Comment by hombre_fatal
3 days ago
The trade-off is that if you set your usage limits so that you can handle the case where everyone is saturating their limit at all times, then (1) the usage limits would be too small and (2) you're optimizing for a usage pattern that doesn't exist and (3) you're severely underprovisioning, which is worse for everyone.
Instead, you can prioritize people "earnestly" bursting to the usage limits, like the users who are actually sitting at their computer using the service over someone's server saturating the limit 24/7.
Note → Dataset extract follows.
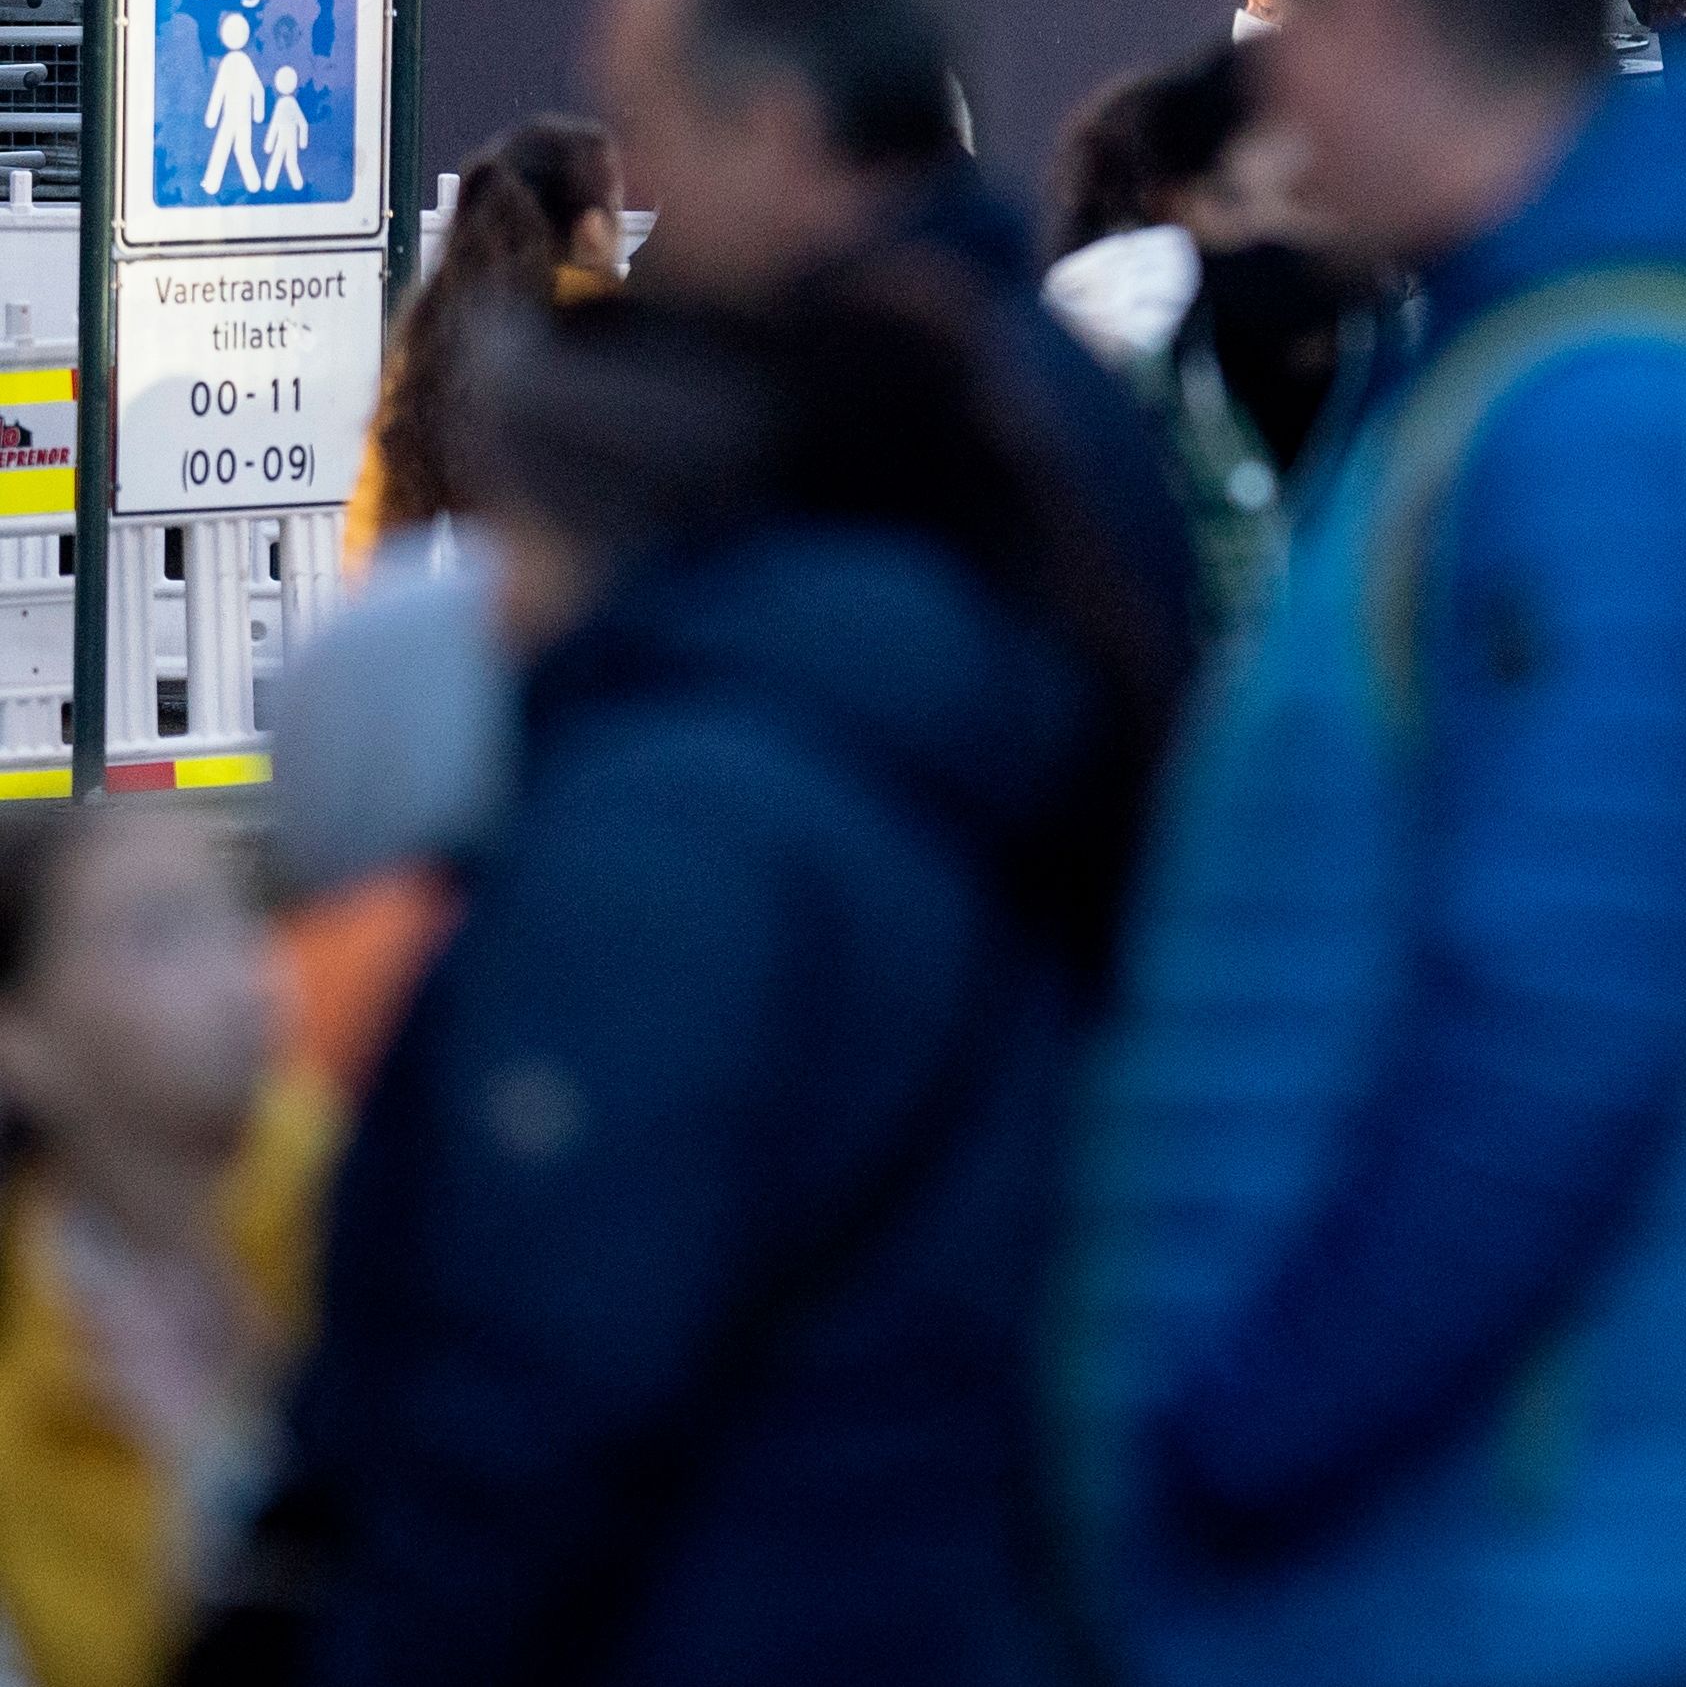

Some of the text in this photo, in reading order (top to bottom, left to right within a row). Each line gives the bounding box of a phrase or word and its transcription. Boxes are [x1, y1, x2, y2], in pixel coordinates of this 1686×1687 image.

[155, 270, 348, 306] Varetransport
[211, 321, 289, 351] tillatt
[182, 444, 316, 492] (00-09)
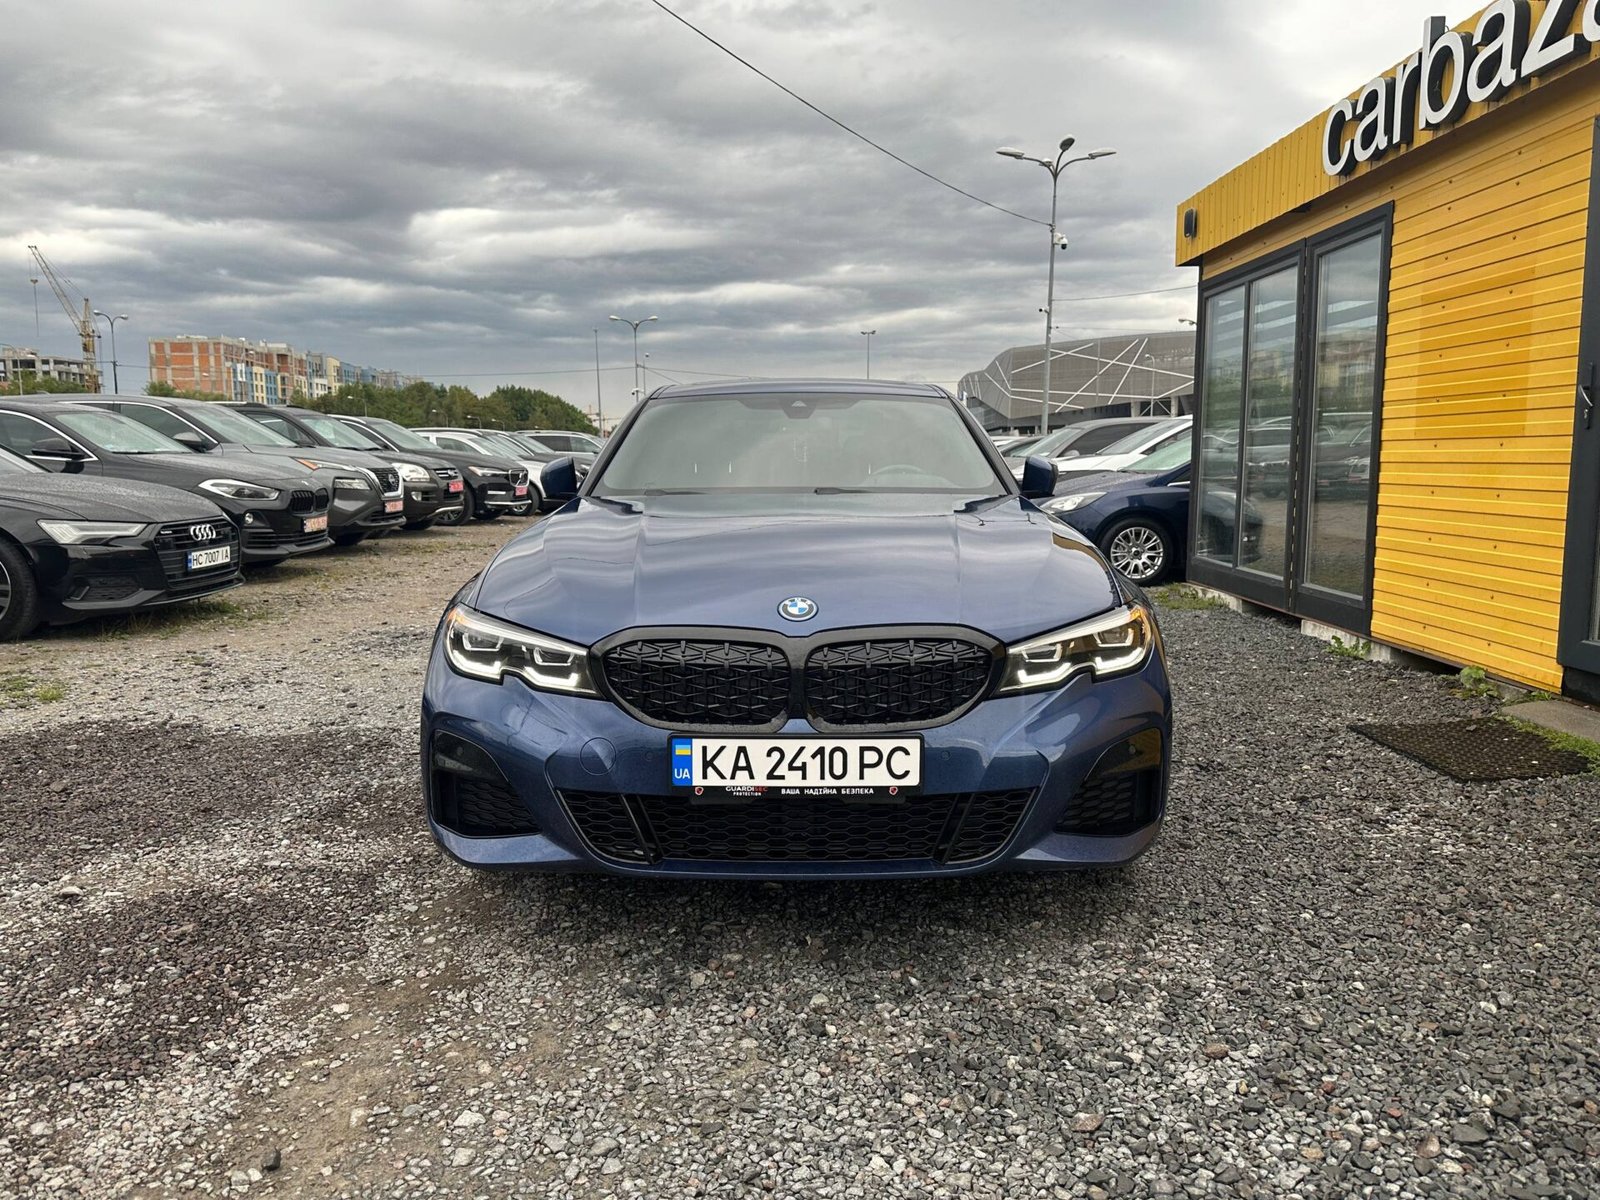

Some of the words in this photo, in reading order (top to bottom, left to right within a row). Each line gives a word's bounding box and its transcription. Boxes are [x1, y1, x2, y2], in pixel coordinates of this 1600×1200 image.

The goal is to have different tiers for manual users vs automated/programmatic tools. Not just Anthropic, this is how we design systems in general.
Well earnest here just means using Claude code directly or the Claude app. Both that just happen to support using tokens while you sleep!
Defining earnest (placeholder word btw) is the hard part of the trade-off, though.
When your least automated, most interactive users are competing for capacity with fully-automated tools, let's say, you're forced to define some sort of periphery between these groups.
OpenClaw is a self-directed, automated loop that sits on a server. It's wowing its owner by shitposting on moltbook and doing any number of crazy stories you can find online that amount to "omg I can't believe my self-directed claude loop spent all day doing this crazy thing haha."
On the other end of the spectrum is someone using Claude.app's interface.
And then in the middle, you can imagine "claude -p" inside a CI tool that was still invoked downstream of a user's action. Still quite different from the claude loop.
Claude code has /loop. Claude app has scheduled tasks. The leaked source has a proactive mode.
I'm sorry but this framing just doesnt make sense.